Before BELL, AINSWORTH and GODBOLD, Circuit Judges.
This action involves a labor dispute between Railway Express, Inc. (REA), an express carrier governed by the Railway Labor Act, 45 U.S.C. § 151 et seq., and its operating personnel represented by the Brotherhood of Railway, Airline and Steamship Clerks, Freight Handlers, Express and Station Employees (BRAC). The dispute concerned proposed changes by REA in its trucking operations. During the course of their controversy the parties reached a seeming impasse, and REA unilaterally instituted the proposed changes in its own favor. In response BRAC called a strike. REA filed suit in federal district court seeking an injunction against the strike. BRAC counterclaimed requesting a status quo order.
The question of the strike's validity turns upon the determination of whether the underlying dispute is "major" — in which case the strike is permissible — or "minor" — in which circumstance BRAC cannot strike but must proceed with REA to arbitration before the National Railroad Adjustment Board. After a full evidentiary hearing and in an unpublished opinion the District Court held the dispute to be major. We reverse.
For many years REA has engaged in hauling freight. Initially its activities were carried on exclusively by rail, but in more recent years rail operations have become impractical and uneconomical.

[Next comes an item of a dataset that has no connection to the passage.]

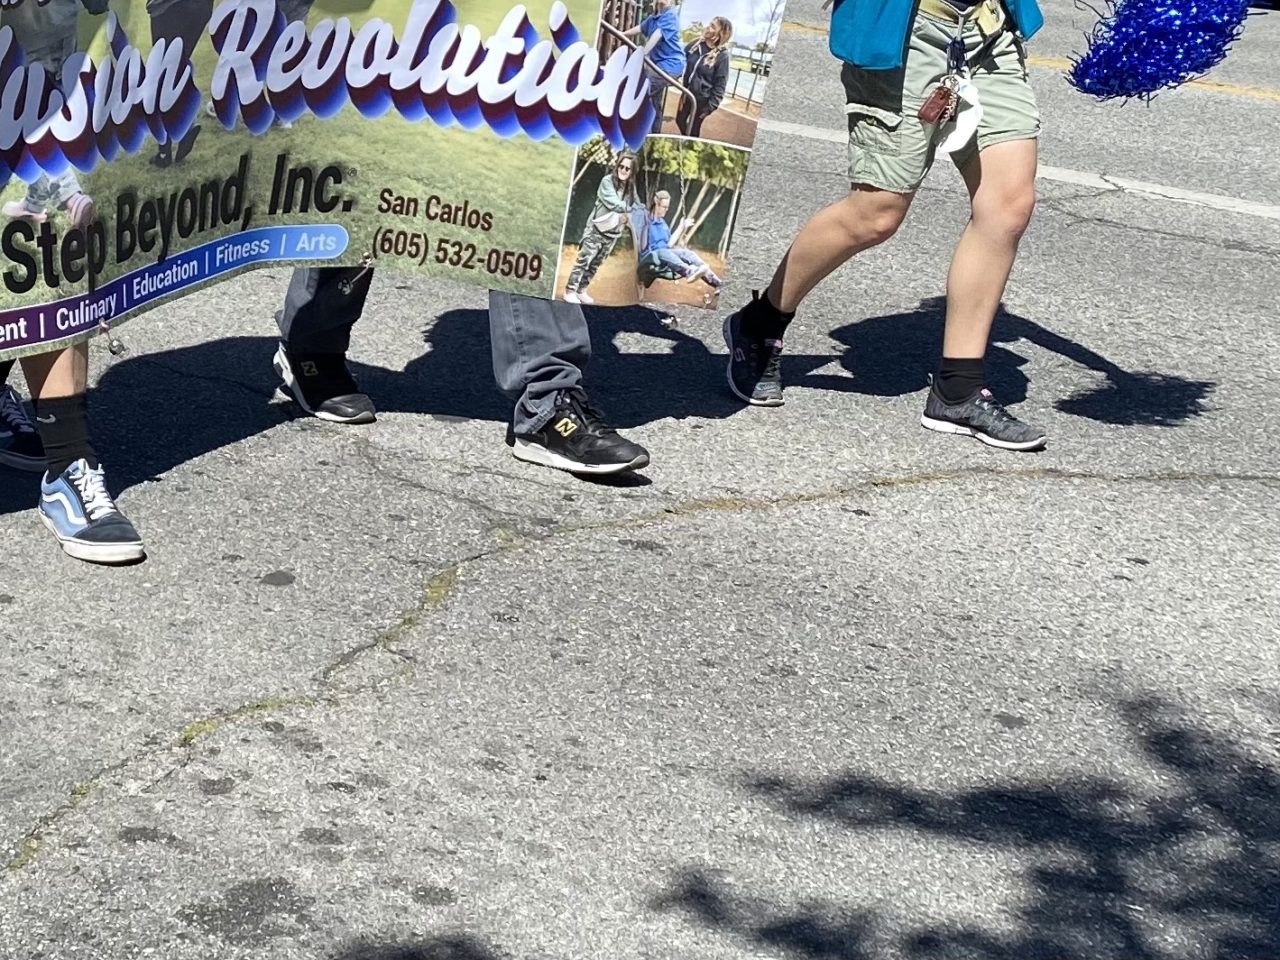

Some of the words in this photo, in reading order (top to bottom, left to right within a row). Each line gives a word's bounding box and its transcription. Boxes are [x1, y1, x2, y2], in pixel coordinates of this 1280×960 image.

REA has, therefore, shifted more and more of its freight operations from rail to over-the-road (OTR) truck runs.
At present the parties are governed by a collective bargaining agreement effective since January 1, 1967. In apparent recognition of changing times, the contract to some extent undertook to provide for a smooth transition from rail operations to OTR runs. Rule 8 of the agreement provides:
By agreement with the General Chairmen in the Districts in which over-the-road truck runs are operated, the provisions of Rules 4, 5, 6 and 9 may be suspended and special provisions will be established governing hours of service, overtime, and basis of pay of over-the-road truck runs.
In an attempt to explain more thoroughly the meaning and force of Rule 8, the parties also agreed to the following "Memorandum of Understanding" as to the application of the rule:
Prior to the dispute which gave rise to this litigation, REA and BRAC had been able to agree upon all changes in working conditions necessary to implement a substantial number of OTR runs. At first "slip-seat" runs were instituted; that is, with respect to a run between terminals such as Philadelphia and Boston a truck would leave each terminal traveling toward the other. The two trucks would meet at a prearranged point approximately midway between the two terminals, exchange trailers, and return to their home bases.
As a consequence of such shortcomings, REA and BRAC began renegotiating the operation of the OTR runs. The restructuring usually involved the elimination of the slip-seat arrangement and provided for a through run by one truck. Necessarily changes had to be made in layover procedures, hours of service, and rates of pay. All such matters were agreed upon on a run-by-run basis. During the existence of the 1967 contract, some 700 runs were restructured in this fashion. At the same time rail operations were continuing to dwindle, and OTR runs were substituted for inefficient rail routes. Changes in working conditions which arose on account of the substitution of an OTR run for a rail route were again worked out on an ad hoc basis for each run.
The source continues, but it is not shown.